Dans l’histoire de la gauche française, l’expression "gauche américaine" est une insulte. Dès la fin des années 1970, c’est Jean-Pierre Chevènement qui avait accolé cette étiquette infamante à Michel Rocard, accusé de défendre une gauche hostile à l’État, ralliée au marché et favorable à l’américanisation de la société. Dans les années 1980, François Mitterrand a perpétué ce discours. Et à la fin des années 1990, Lionel Jospin a repris le flambeau de cette gauche assez anti-américaine en s’opposant à la "Troisième voie" incarnée par les "New Democrats" de Bill Clinton comme par le "New Labour" de Tony Blair.

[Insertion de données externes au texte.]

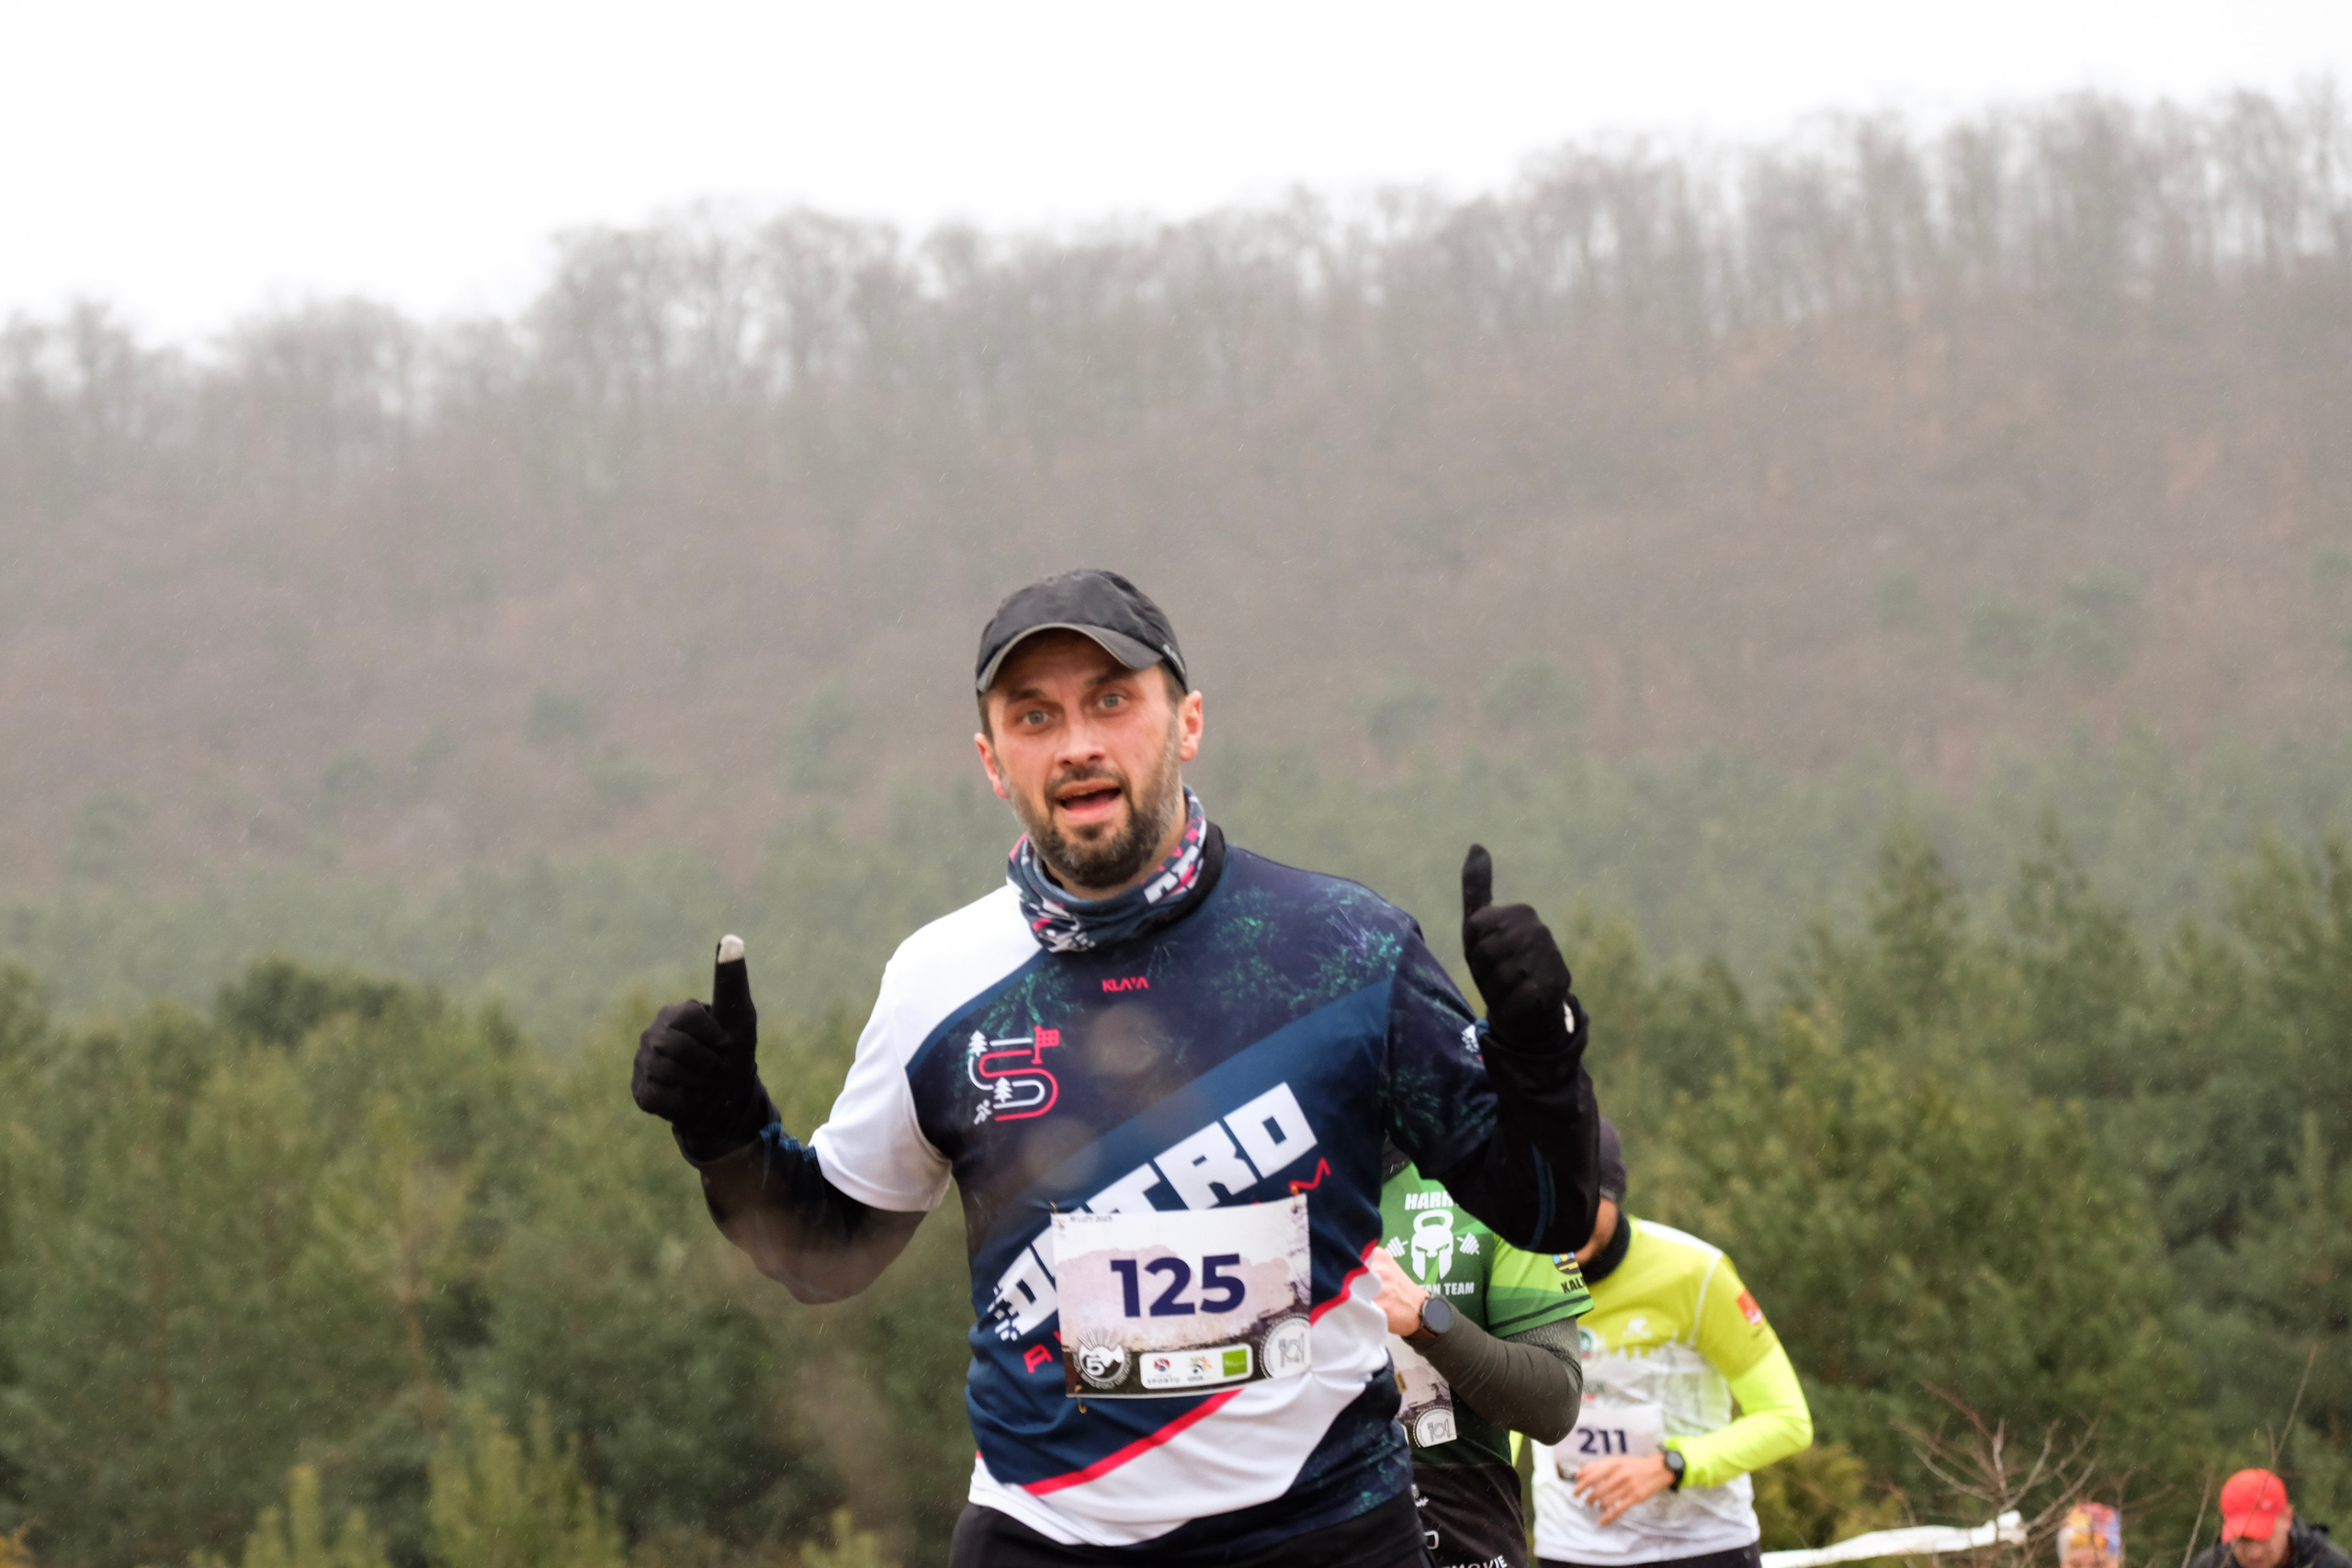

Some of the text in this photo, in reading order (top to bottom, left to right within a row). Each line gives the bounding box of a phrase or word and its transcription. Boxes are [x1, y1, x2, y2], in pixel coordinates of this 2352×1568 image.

[1110, 1253, 1246, 1318] 125
[1443, 1281, 1476, 1296] TEAM
[1577, 1427, 1628, 1455] 211

La gauche française a tourné le dos au modèle républicain et laïque

Si la gauche française tente aujourd’hui de s’approprier la victoire de Zohran Mamdani, c’est d’abord parce qu’elle collectionne les défaites depuis une douzaine d’années. Et c’est aussi parce qu’elle a changé. Comme aux États-Unis, elle s’est convertie à un discours défensif, qui se veut de "résistance" face au grand vent conservateur. Comme à New York où Zohran Mamdani a attisé une forme de populisme pour fustiger les élites démocrates des années Biden, la gauche française accable la "trahison" de ses chefs sous les années Hollande. Elle est enfin plus perméable au communautarisme à l’anglo-saxonne, plus sensible aux questions d’identité liées aux appartenances religieuses ou culturelles, et elle a largement tourné le dos au modèle républicain et laïque sur lequel s’est construit la gauche en France.

Néanmoins, tous les sondages le montrent, elle reste largement minoritaire. Rien ne prouve d’ailleurs que la victoire de la gauche incarnée par Zohran Mamdani à New York soit transposable ailleurs aux États-Unis. Sa radicalité risque aussi de surmobiliser l’électorat trumpiste, mais ce qui provoque d’abord le réveil de la gauche américaine, c’est le danger Trump. Et c’est peut-être le carburant qui manque à la gauche française. Emmanuel Macron n’est pas Donald Trump. La démocratie n’est pas menacée chez nous comme elle l’est de l’autre côté de l’Atlantique. Et on comprend pourquoi Jean-Luc Mélenchon rêve si fort d’un duel final avec Marine Le Pen. C’est aussi le grand espoir de l’extrême droite, qui y voit une garantie de victoire.